This article walks you through five practical functions for handling common date and time parsing tasks. By the end, you'll understand how to build flexible parsers that handle the messy date formats you see in projects.
# 1. Parsing Relative Time Strings
Social media apps, chat applications, and activity feeds display timestamps like "5 minutes ago" or "2 days ago". When you scrape or process this data, you need to convert these relative strings back into actual datetime objects.
Here's a function that handles common relative time expressions:
from datetime import datetime, timedelta
import re
def parse_relative_time(time_string, reference_time=None):
"""
Convert relative time strings to datetime objects.
Examples: "2 hours ago", "3 days ago", "1 week ago"
"""
if reference_time is None:
reference_time = datetime.now()
# Normalize the string
time_string = time_string.lower().strip()

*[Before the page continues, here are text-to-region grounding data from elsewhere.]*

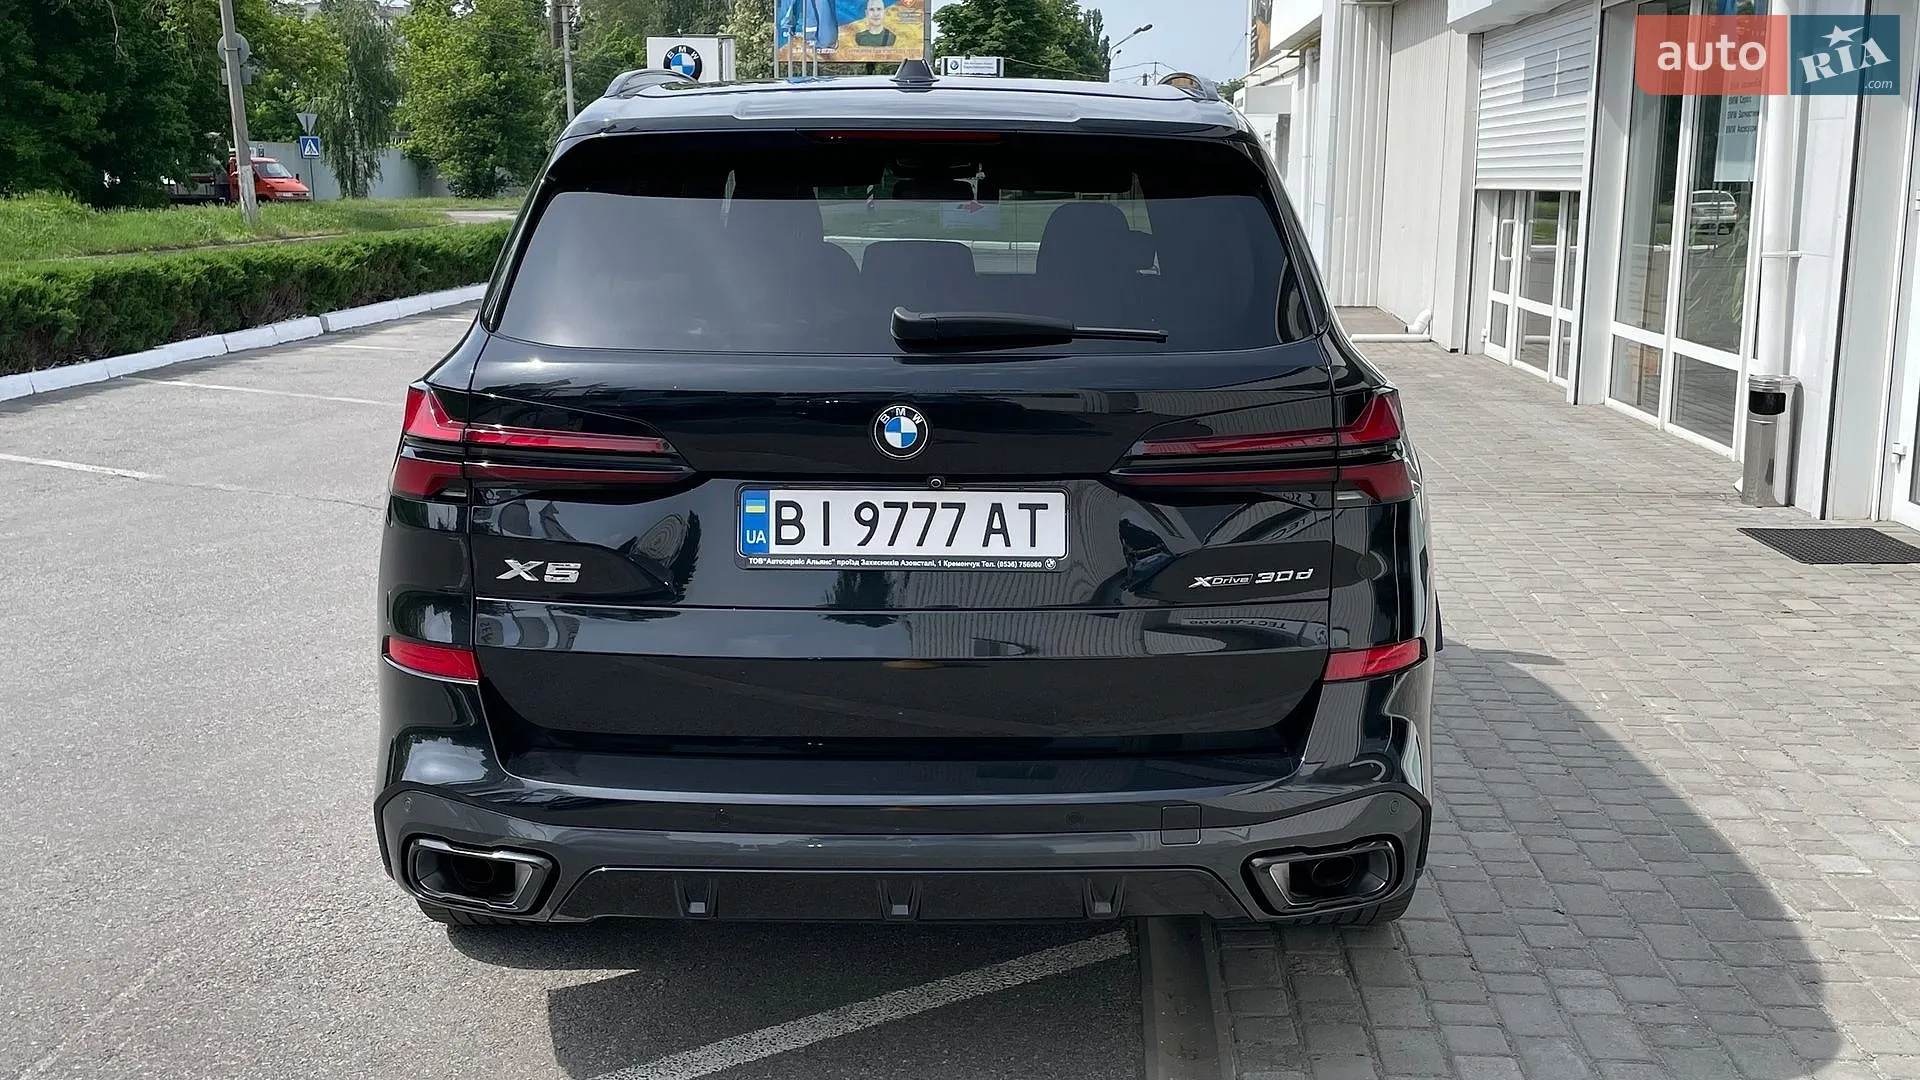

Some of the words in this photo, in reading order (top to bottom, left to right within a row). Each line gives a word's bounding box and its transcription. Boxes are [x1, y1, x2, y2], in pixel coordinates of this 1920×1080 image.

[667, 46, 699, 60] BMW
[879, 407, 923, 425] BMW
[774, 500, 830, 547] BI
[853, 501, 967, 547] 9777
[981, 502, 1049, 548] AT
[745, 528, 767, 545] UA
[495, 559, 582, 583] X5
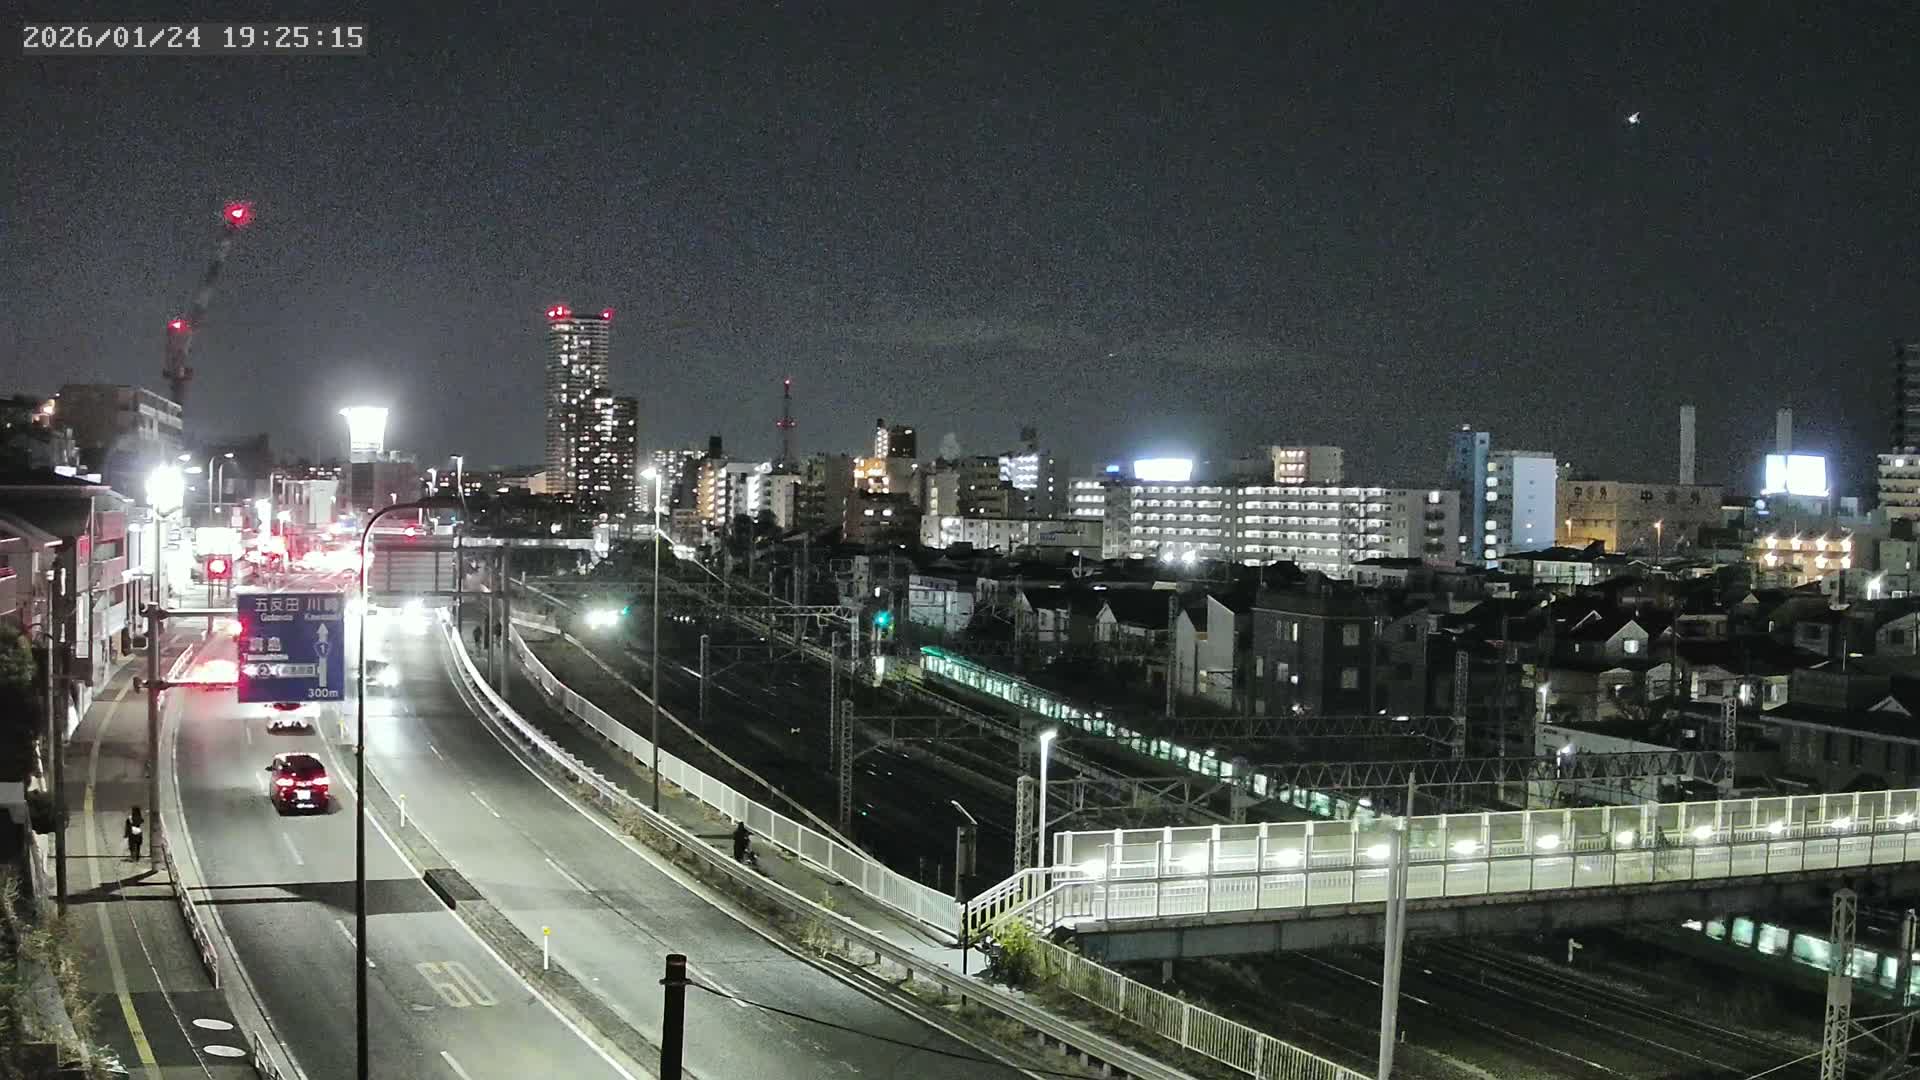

# Pattern: number + time unit + "ago"
pattern = r'(\d+)\s*(second|minute|hour|day|week|month|year)s?\s*ago'
match = re.match(pattern, time_string)
if not match:
raise ValueError(f"Cannot parse: {time_string}")
amount = int(match.group(1))
unit = match.group(2)
# Map units to timedelta kwargs
unit_mapping = {
'second': 'seconds',
'minute': 'minutes',
'hour': 'hours',
'day': 'days',
'week': 'weeks',
}
if unit in unit_mapping:
delta_kwargs = {unit_mapping[unit]: amount}
return reference_time - timedelta(**delta_kwargs)
elif unit == 'month':
# Approximate: 30 days per month
return reference_time - timedelta(days=amount * 30)
elif unit == 'year':
# Approximate: 365 days per year
return reference_time - timedelta(days=amount * 365)
The function uses a regular expression (regex) to extract the number and time unit from the string. The pattern (\d+) captures one or more digits, and (second|minute|hour|day|week|month|year) matches the time unit. The s? makes the plural 's' optional, so both "hour" and "hours" work.
For units that timedelta supports directly (seconds through weeks), we create a timedelta and subtract it from the reference time. For months and years, we approximate using 30 and 365 days respectively. This isn't perfect, but it's good enough for most use cases.
The reference_time parameter lets you specify a different "now" for testing or when processing historical data.
Let's test it:
result1 = parse_relative_time("2 hours ago")
result2 = parse_relative_time("3 days ago")
result3 = parse_relative_time("1 week ago")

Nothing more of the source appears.